En busca de la magia en La ronda de la hechizada de Hugo Argüelles.
Esta farsa mágica es un acercamiento antropológico al pasado virreinal, a través de una narrativa que concentra el archivo histórico del momento que está representando. Ante las dificultades con que se enfrenta el clero en la Nueva España para avanzar con la evangelización, el rey Felipe II envía a la actriz Dominga del Parián, que es una excelente declamadora para que contribuya con su actuación a la consolidación de tan importante tarea.
Sin embargo ella viene en busca de la magia, es un ser que independientemente de la posición espacial, cultural o social que le correspondió, la fantasía alimenta su alma, y al igual que los indios anhela una existencia metafísica.
Se encuentra con Tecatzin, una especie de homólogo indígena que recita las tradiciones que le han sido transmitidas por sus ancestros, pero que para el clero novohispano son leyendas paganas.
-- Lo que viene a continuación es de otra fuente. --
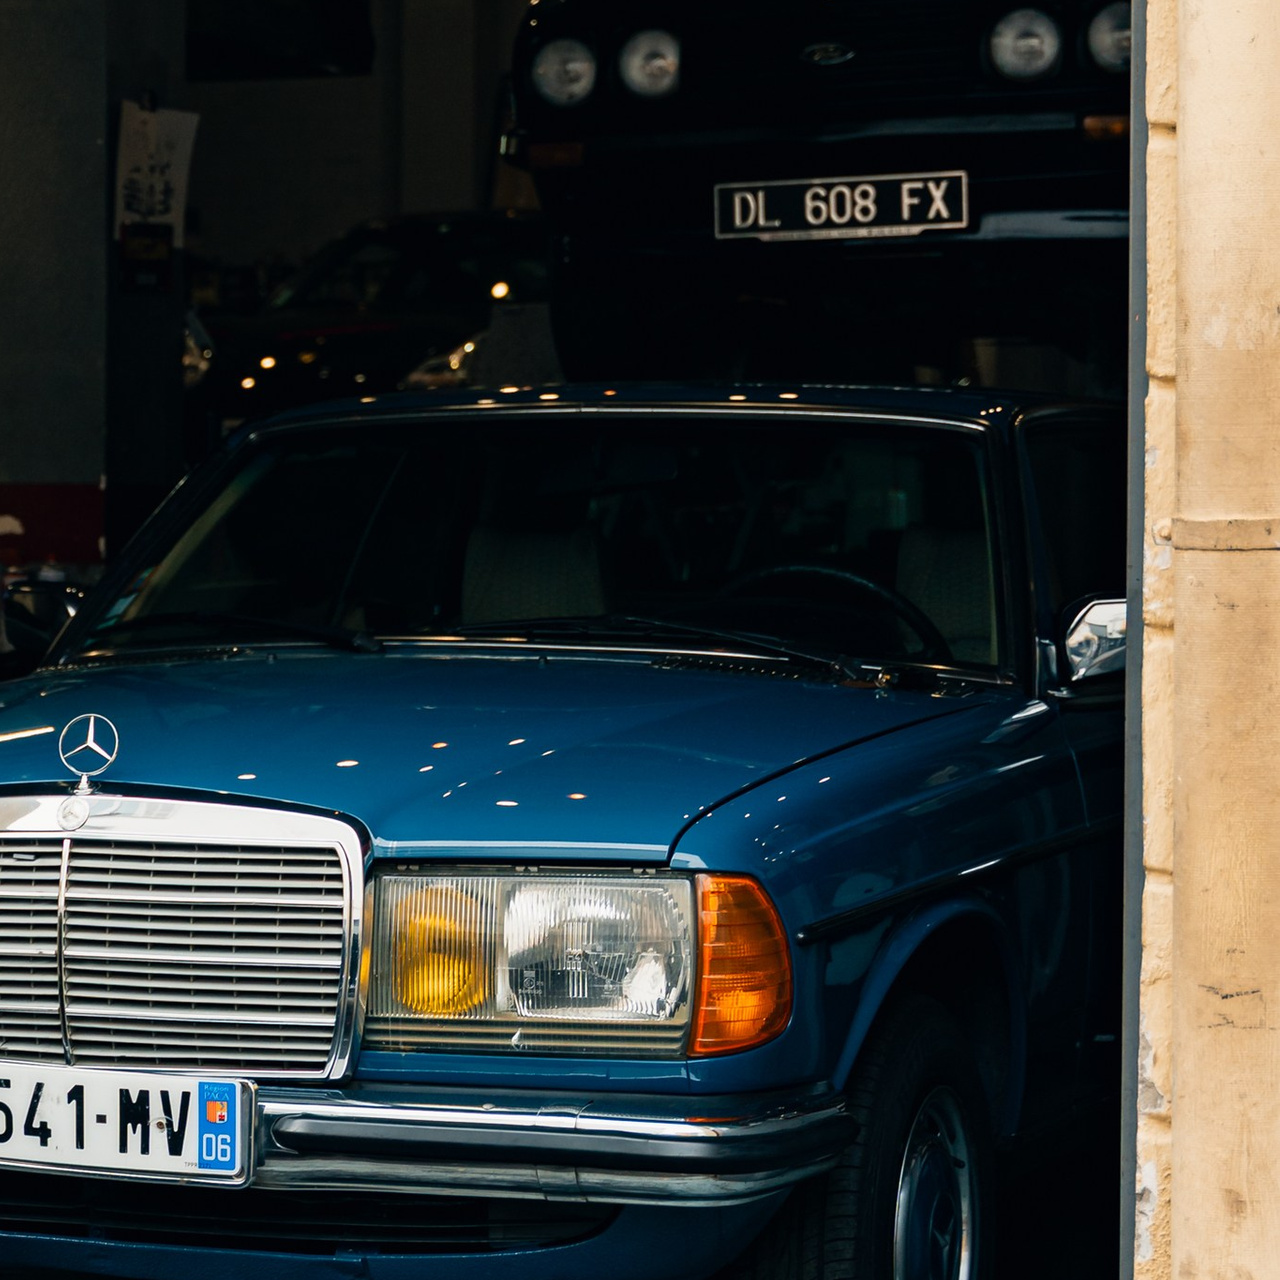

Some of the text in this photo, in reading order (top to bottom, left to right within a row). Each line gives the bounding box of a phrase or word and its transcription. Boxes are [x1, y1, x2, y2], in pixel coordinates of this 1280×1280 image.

[733, 180, 950, 229] DL 608 FX
[203, 1091, 231, 1101] PACA
[202, 1133, 231, 1162] 06
La comunión espiritual que experimentan hace que Dominga interceda ante los ministros de la iglesia católica asegurándoles que está arrepentido. Sin embargo es condenado como hechicero a morir en la hoguera y entonces se observa un fenómeno impresionante donde el indio desaparece de entre las llamas.
Ese evento conduce a Dominga a un éxtasis mayor y se incrementa su deseo de convivir con una cultura, de la cual ya se había documentado previamente antes de arribar a sus tierras, y empieza a salir a las calles disfrazada en busca de satisfacer su curiosidad y fantasía.
El discurso de la ley y el antropológico están vinculados con la escritura de esta pieza teatral en la que una serie de acontecimientos y enredos, pone en evidencia al fanático y convenenciero clero, a la hipócrita alta sociedad novohispana, al poder monárquico ejercido desde España pero con muchas intermediaciones donde cabe todo tipo de intrigas, y para completar el panorama, a los naturales americanos aferrados a sus mitos y relatos inmemoriales a pesar de verse sometidos a una conversión violenta al catolicismo.
El discurso hegemónico que oprime, controla y vigila (Foucault, 1975) está presente en la trama en la que Dominga se convierte en candidata a la hoguera también, por el pecado de herejía, recurso muy utilizado por la iglesia para deshacerse de quien le estorbara en sus intereses que no eran precisamente muy cristianos.
Como buena farsa concluye con el castigo para el perverso fray Lupercio de Cáncer que es destituido de su puesto de Inquisidor y la salvación providencial de la actriz que continúa con su vocación espiritual y artística, entonando los cantos con un coro indígena y con la aprobación de Tecatzin, cuyo rostro se le aparece entre la multitud.
El tema religioso es un campo fértil en la narrativa mexicana, pues ha estado presente desde la conquista en la forma del catolicismo, pero se remonta hasta la cosmovisión prehispánica. Argüelles presenta un panorama crítico más que reflexivo, propio del tiempo en que se estrena, en 1967. El Concilio II de la iglesia católica que se había clausurado en 1965 comprendía grandes reformas que pretendían, además de promover su fe y la renovación moral de sus fieles, poner al catolicismo en una posición más abierta a la sociedad de su tiempo y a otras creencias religiosas. Y es lo que pareciera proponer el autor en esta puesta: un sincretismo religioso y cultural.